Fc-engineered monoclonal antibodies drive antibody-dependent enhancement of Mycobacterium tuberculosis

This study investigates how Fc-engineered antibodies affect Mycobacterium tuberculosis (Mtb) growth through antibody-dependent enhancement (ADE). We engineered 16 Fc variants with two distinct Fab regions (710 and 712), both targeting antigen85B (Ag85B), creating 32 total antibody variants. These variants were comprehensively profiled across five antibody effector functions: antibody-dependent neutrophil phagocytosis (ADNP), antibody-dependent monocyte phagocytosis (ADMP), antibody-dependent cellular phagocytosis (ADCP), antibody-dependent NK cell activation (ADNK), and antibody-dependent complement deposition (ADCD). We also assessed FcγR binding profiles using Luminex multiplex assays. Hierarchical clustering identified six distinct functional groups, enabling selection of a representative panel for downstream Mtb infection studies.
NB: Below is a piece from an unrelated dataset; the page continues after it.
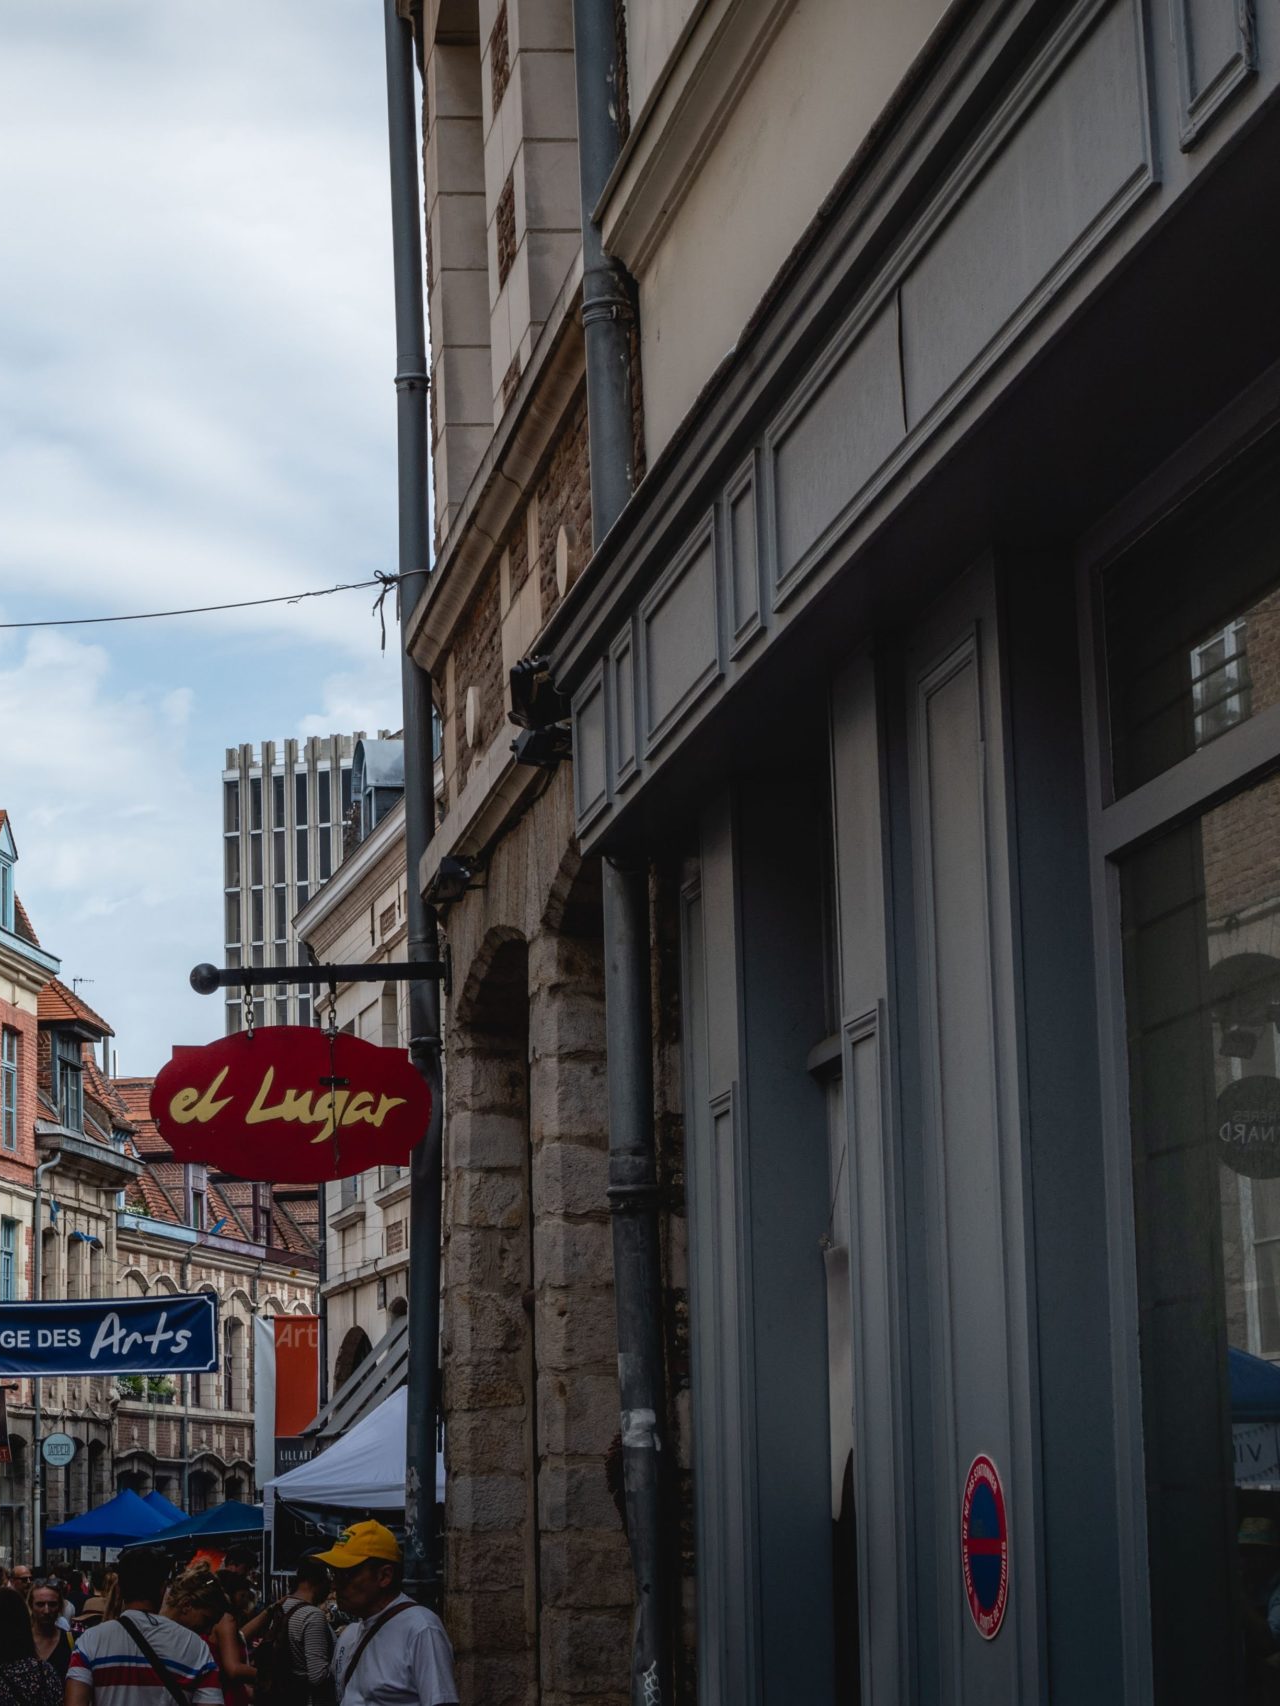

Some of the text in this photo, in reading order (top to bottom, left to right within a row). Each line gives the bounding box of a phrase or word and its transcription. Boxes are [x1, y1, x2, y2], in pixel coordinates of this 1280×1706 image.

Notably, 712 IgG3-RH, the most pro-inflammatory variant activating all tested effector functions, promoted Mtb growth in both human macrophages and bronchoalveolar lavage (BAL) cells. These findings demonstrate that: (1) antibody effector functions are primarily determined by the Fc region but are also influenced by the Fab region, highlighting Fab-Fc crosstalk; (2) 712 variants exhibit greater functionality than 710 variants due to higher Ag85B affinity; and (3) pro-inflammatory IgG3 antibodies may be detrimental in TB, providing a framework for identifying antibody features to avoid in TB vaccine design.